Secondary endpoints included pharmacokinetics, CR rate, duration of response, progression-free survival, progression-free survival ratio (previous line of treatment/JWCAR029), and overall survival.

Study procedures and treatment

Patients were enrolled following screening and confirmation of eligibility and then underwent leukapheresis to obtain peripheral blood mononuclear cells (PBMC) to manufacture the JWCAR029 cell product in a central cell processing facility. CD19-specific CAR and truncated human epidermal growth factor receptor (EGFRt) were introduced into autologous CD4+and CD8+T cells in vitro using a self-inactivated lentivirus vector. The final JWCAR029 cell product was washed, cryopreserved, and tested for identity, potency, sterility, and adventitious agents. After meeting acceptance criteria, the product was shipped back to the clinical sites using a validated cryo-shipper.
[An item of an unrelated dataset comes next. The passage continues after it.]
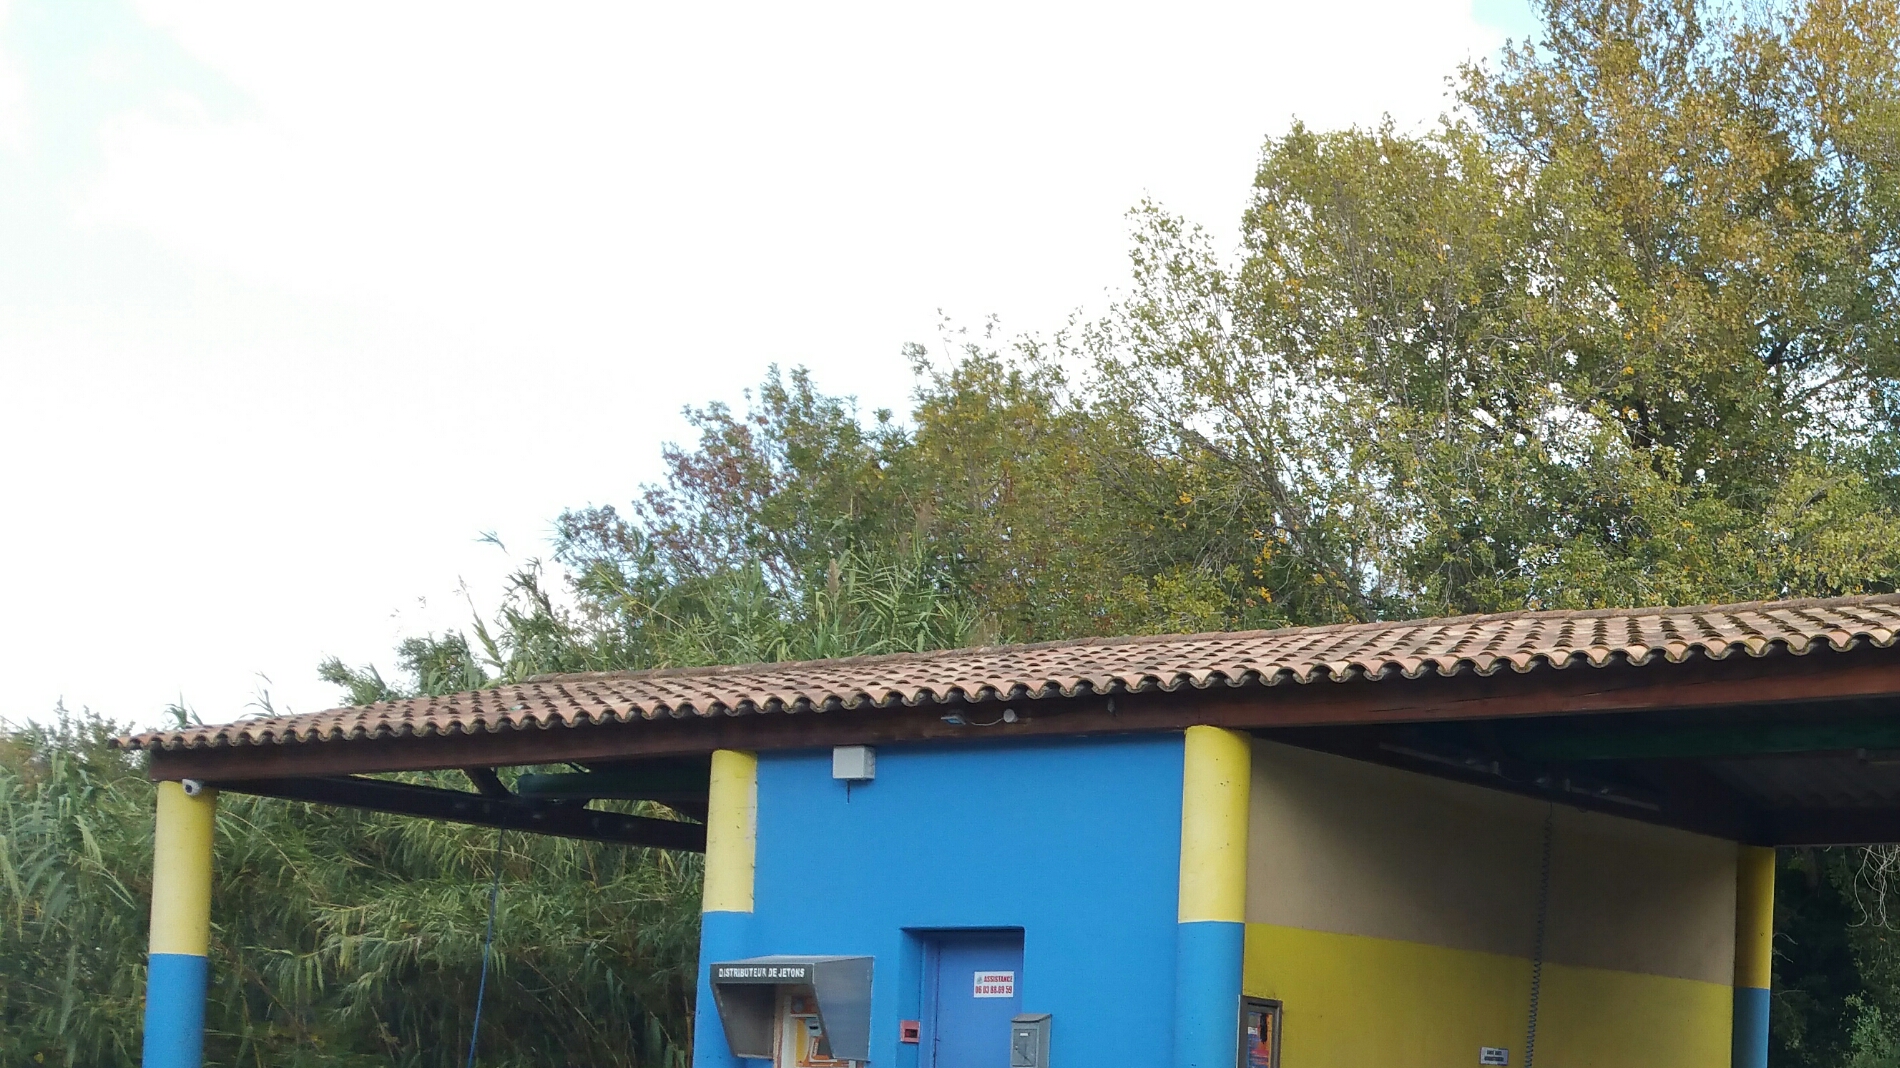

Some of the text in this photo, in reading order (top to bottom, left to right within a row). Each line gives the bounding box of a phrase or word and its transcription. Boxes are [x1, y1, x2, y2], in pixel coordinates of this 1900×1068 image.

[719, 967, 805, 978] DISTRIBUTEUR DE JETONS
Lymphodepletion preconditioning was accomplished by fludarabine 25 mg/m2/day and cyclophosphamide 250 mg/m2/day on Day −4 to Day −2, followed by CAR T-cell infusion on Day 0. Complete blood cell count, serum biochemistry, coagulation panel, and cytokines were monitored after infusion. DLTs were evaluated from Day 1 to Day 29. Primary tumor response was assessed by PET-CT and CT on Day 29. Patients entered the follow-up phase after Day 29, and the safety, response, and persistence of JWCAR029 were evaluated at months 3, 6, 9, 12, 18, and 24. Duration of responses was assessed by CT at months 3, 6, 9, 12, 18, and 24 after a subject achieved a CR. A PET-CT was required when progression disease was suspected on follow-up phase. Disease response and duration were determined according to the “Recommendations for Initial Evaluation, Staging, and Response Assessment of Hodgkin and Non-Hodgkin Lymphoma: The Lugano Classification” (14). The pharmacokinetics study began with JWCAR029 infusion (in vivo amplification and persistence) until CAR T cells were no longer detected by flow cytometry or qRT-PCR.

Cytotoxic potency assay

Cytotoxic potency of JWCAR029 were analyzed with Calcein release assays. Target NALM-6 tumor cells were labeled with Calcein AM (Life Technologies; Invitrogen) for 1 hour at 37°C, and then 3,000 tumor cells were co-incubated with CAR T cells for 4 hours at effector-to-target (E:T) ratio of 20:1. Supernatants were harvested and Calcein release quantified using a BioTek Synergy 2 plate reader (Ex: 485 nm/Em: 530 nm). Cytolytic potency was calculated as % release = [(experimental release-spontaneous release)/(maximal release-spontaneous release)] × 100%, where maximal release was induced by incubation in a 1% Triton X-100 solution.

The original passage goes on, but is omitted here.